__WHAT THE EXERCISE ASKS__
The records that follow must be reproduced in full, with every picture excluded.
EXERCISE MATERIALS: Begin
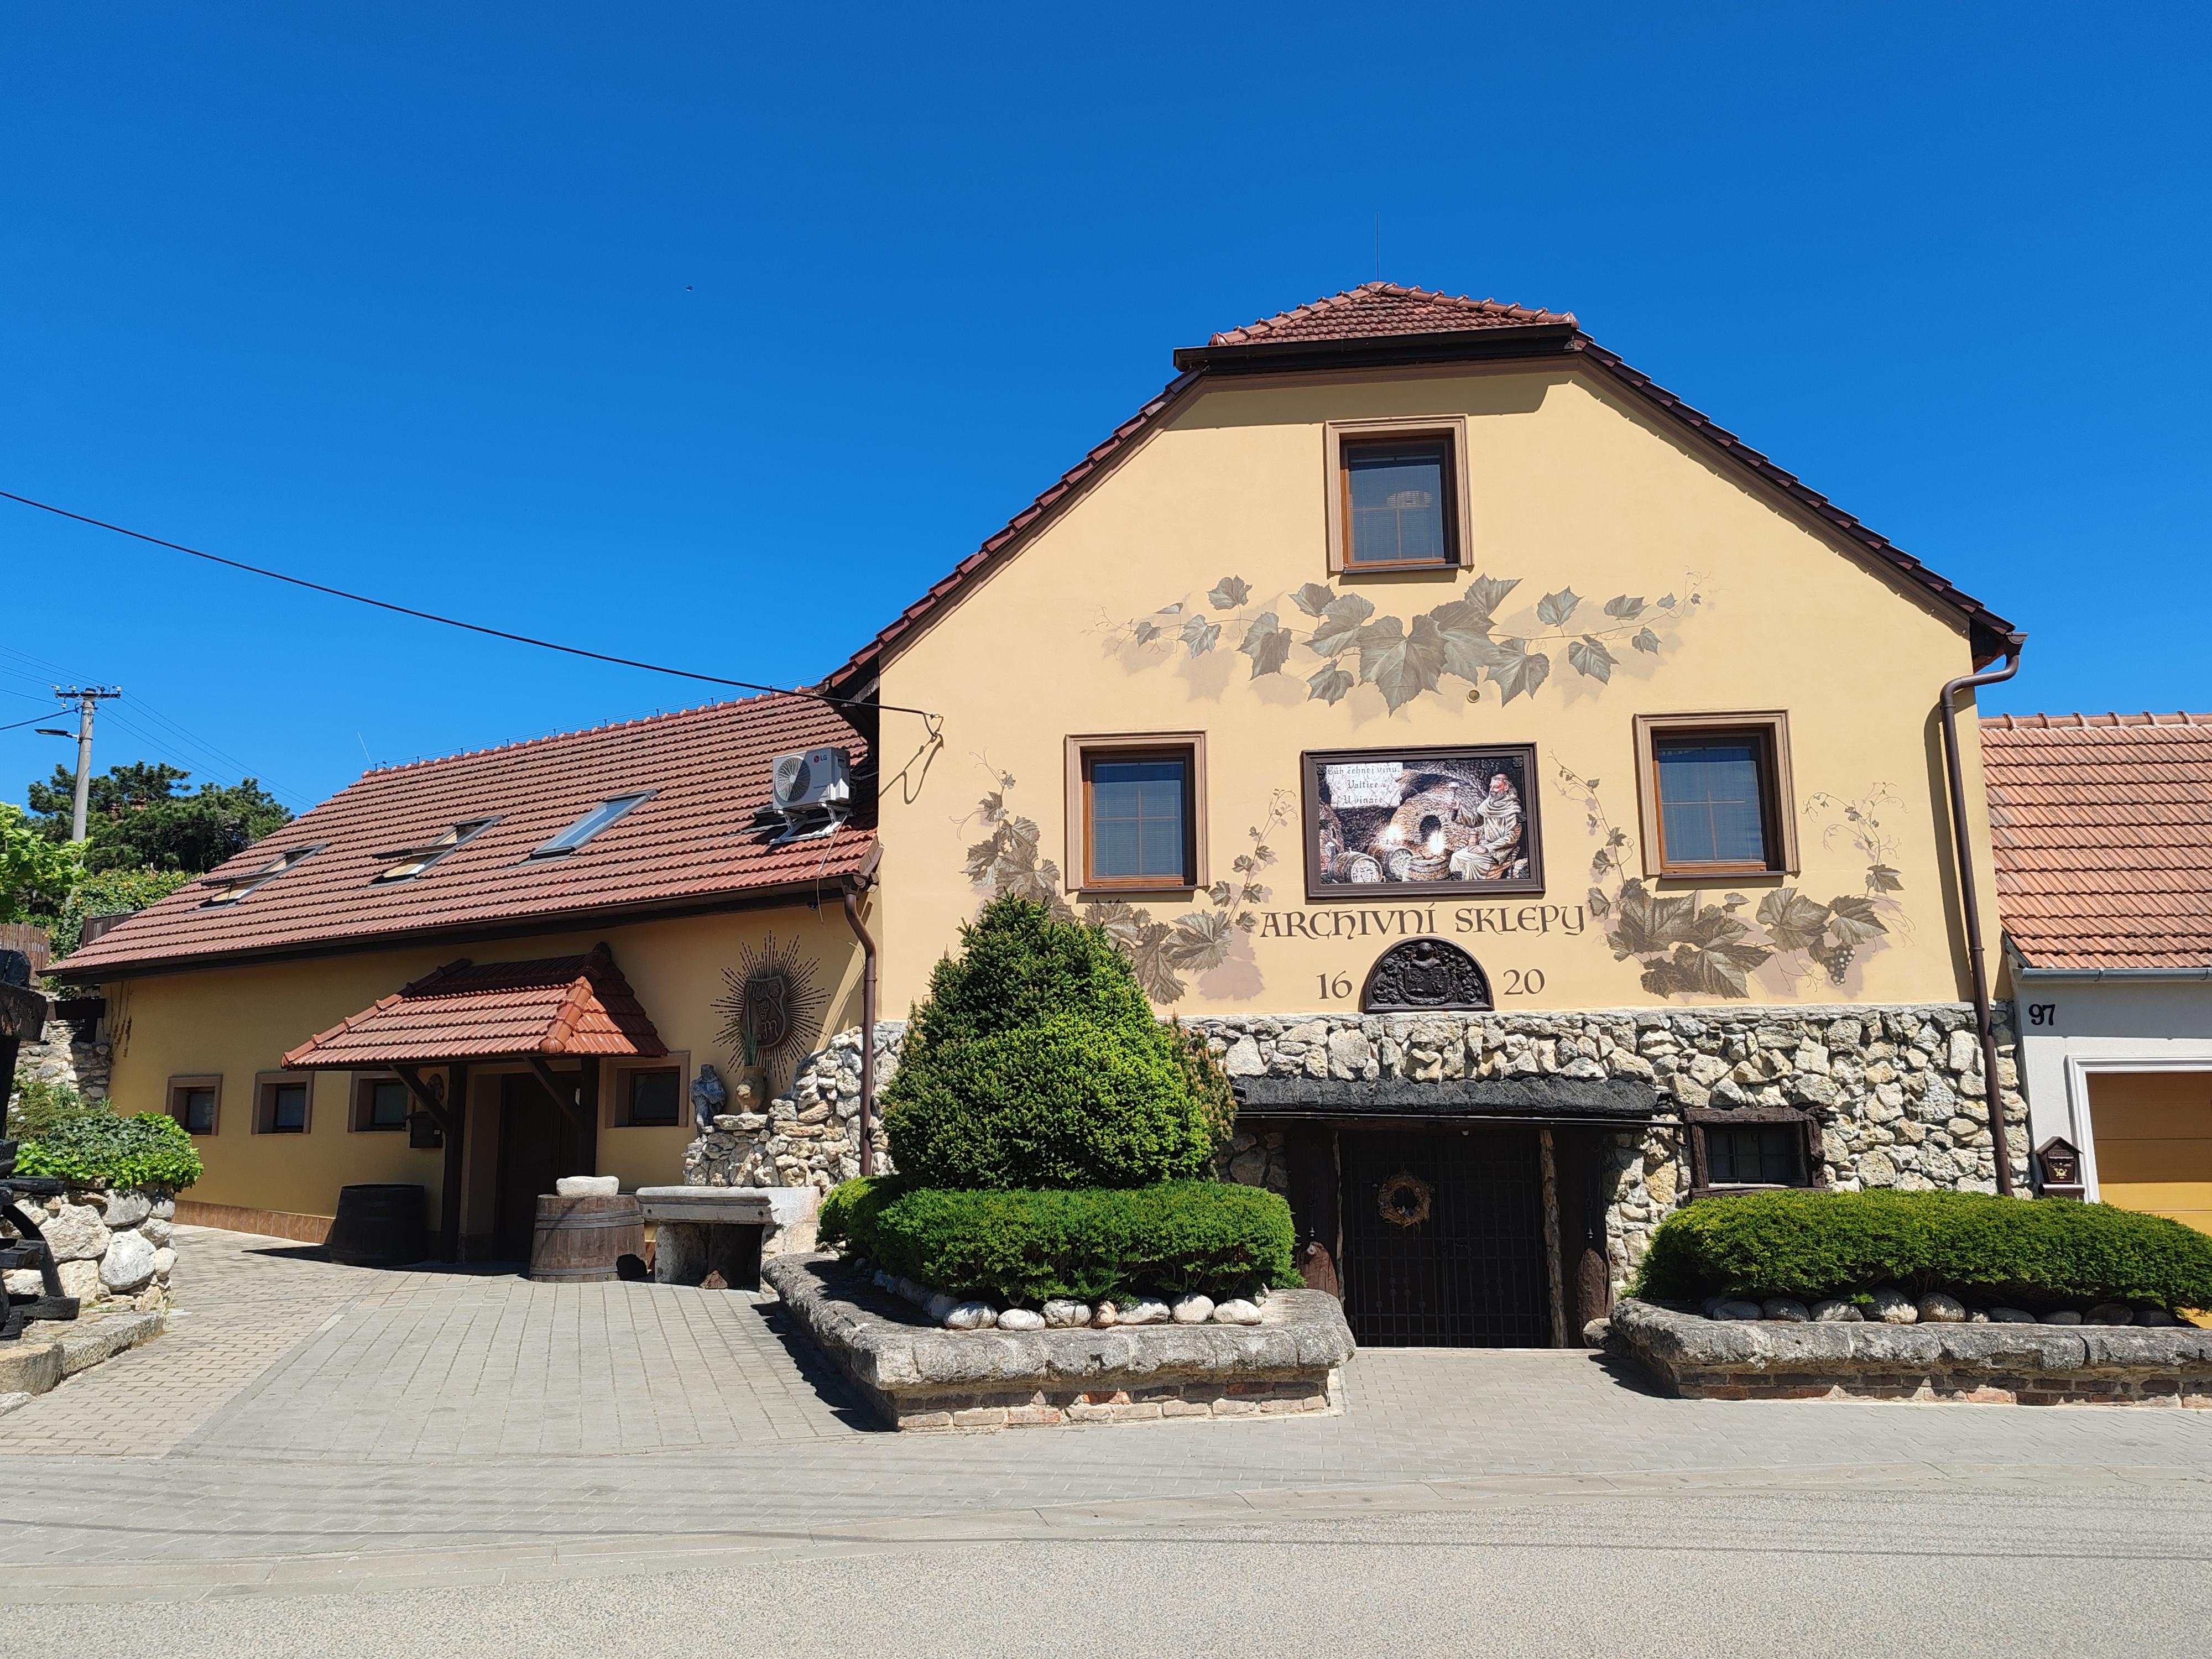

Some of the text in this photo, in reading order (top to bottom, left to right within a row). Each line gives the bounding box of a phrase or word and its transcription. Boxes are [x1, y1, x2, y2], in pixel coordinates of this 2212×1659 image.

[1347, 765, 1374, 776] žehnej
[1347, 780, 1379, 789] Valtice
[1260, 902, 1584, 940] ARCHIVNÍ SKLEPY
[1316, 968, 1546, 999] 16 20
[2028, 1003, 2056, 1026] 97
EXERCISE MATERIALS: End
__RESULT__
Some of the text in this photo, in reading order (top to bottom, left to right within a row). Each line gives the bounding box of a phrase or word and its transcription. Boxes are [x1, y1, x2, y2], in pixel coordinates of this 2212×1659 image.

[1347, 765, 1374, 776] žehnej
[1347, 780, 1379, 789] Valtice
[1260, 902, 1584, 940] ARCHIVNÍ SKLEPY
[1316, 968, 1546, 999] 16 20
[2028, 1003, 2056, 1026] 97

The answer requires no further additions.